Saturday, June 20th, we honor our 20 members who’ve published a new title in 2019 & 2020. A wide range of literary genres will be featured, including thriller, mystery, non-fiction, memoir, media criticism, fantasy, and poetry. 

The virtual celebration will take place at 2 p.m., and will include a variety of insights and ideas for readers and writers alike. Each author will present or read briefly from their book, and answer one question. Join us for an engaging experience and a list of new books to read during shelter-in-place!

Digital books and hard copies will be available for purchase online through bookshop.org. Special bundle packages of CWC titles will be available at a discounted price. Many of these titles will make great Father’s Day gifts.

President Kristen Caven, who will be moderating the event, says, “Our club has never published so many books of such high quality in one fiscal year. We’re so excited to be part of, and to showcase the vitality of the Bay Area literary scene.”   

This Is a Free Online Event, Register Below

To attend the event, register on Zoom at https://us02web.zoom.us/meeting/register/tZ0ldumspjouGtEMwV2FL7RFzCi6P28iGM4b.

Authors & New Books Featured
at June 20th Book Launch

A Waltz in Tennessee

by Francine Howard (Andrew Benzie Publishing)

 Age Matters

by Peggy Dougherty (Big Hat Press)

Finding Venerable Mother

by Cindy Rasicot (SheWrites Press)

Freefall: A Divine Comedy

by Lily Iona MacKenzie (Pen-L Publishing)

How to Understand and Deal with Your Fear and Anxiety

by Gini Graham Scott (Changemakers Publishing) 

Oakland, I’m Not Dead

by Keith Mark Gaboury (The Pedestrian Press)

On A Road

by Jeff Kingman (Finishing Line Press)

People You’ve Been Before

by Tim Jollymore (Finns Way Books)

Private Investigations

by Victoria Zackheim (Seal Press/Hachette)

Squirrels in the Wall

by Henry Hitz (SheWrites Press)

Tell Me, Signora

by Ann Harleman (Elixir Press)

The Grating of America

by Judith Offer (Self Published)

The Poet’s Garage

by Terry Tierney (Unsolicited Press)

The Souls of Her Feet

by Kristen Caven (Uplift Press)

When I Killed My Father: An Assisted Suicide Family Thriller

by John Byrne Barry (Page-turners With a Conscience Press)

 Expect Betrayal

by JoAnn Smith Ainsworth (Draft2Digital)

Discovering Kubrick’s Symbolism: The Secrets of the Films

by Nicole Berg        (McFarland & Company)

These four titles will come out in the fall:

The Lines Between Us

by Rebecca D’Harlingue (SheWriters Press)

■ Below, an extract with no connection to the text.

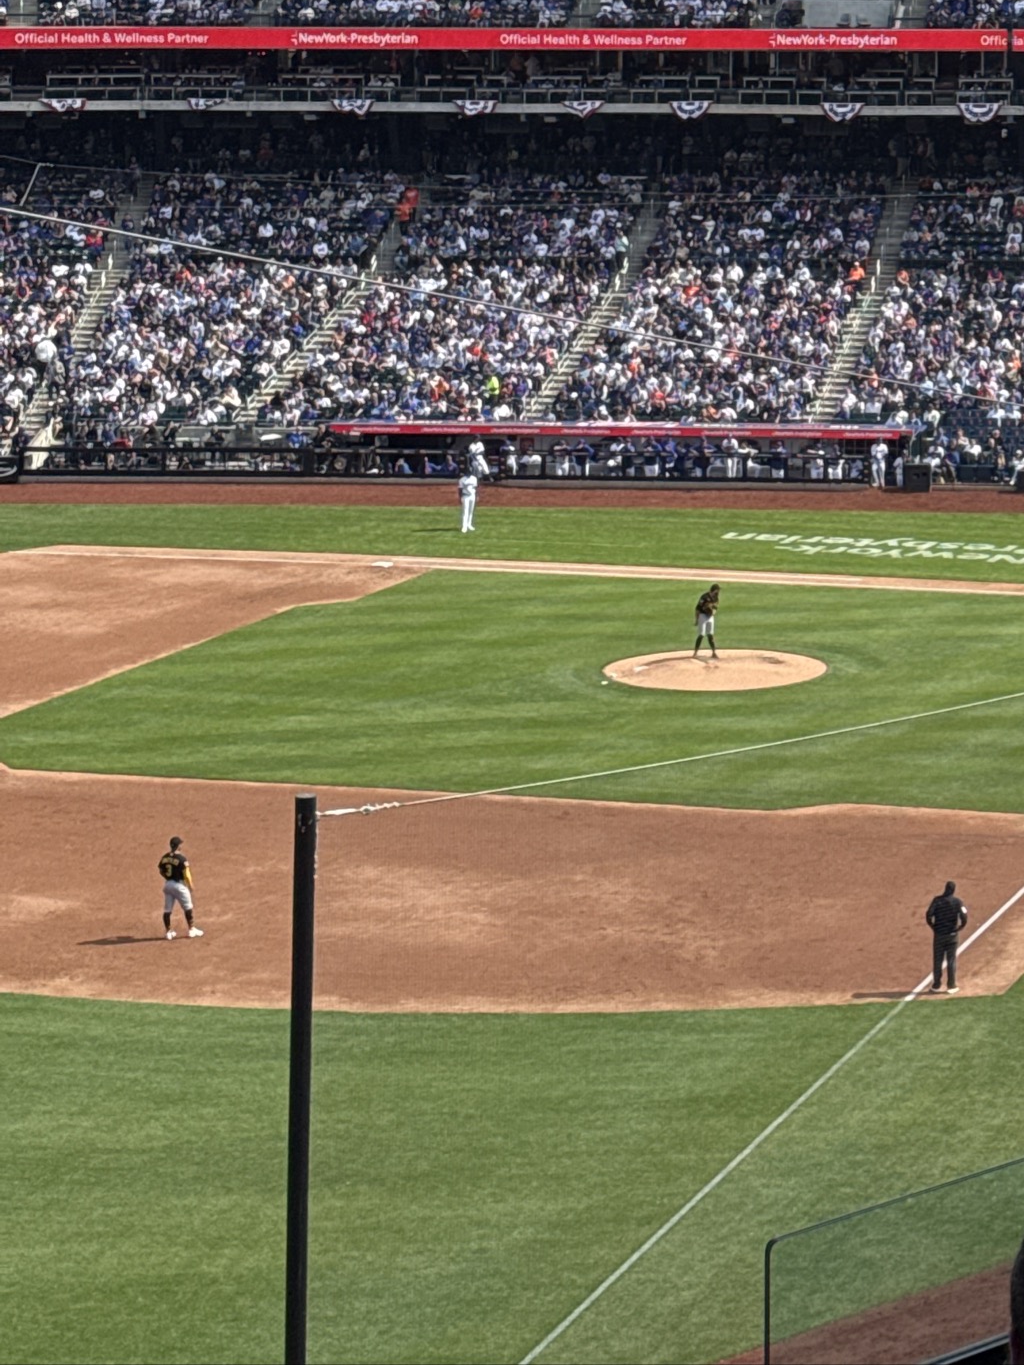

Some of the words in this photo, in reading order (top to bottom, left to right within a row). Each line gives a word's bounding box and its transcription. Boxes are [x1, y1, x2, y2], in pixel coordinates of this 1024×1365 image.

Dance of the Deities: Searching for Our Once and Future Egalitarian Society

by Patricia McBroom (Green Fire Press) 

Dispatches From The Swinging Door Saloon

by Randall McNair (Bits of Steak Press) 

Broke Bone Moon

by Paul Corman Roberts (Nomadic Press)

Be sure to like us on Facebook so you can hear about our latest events.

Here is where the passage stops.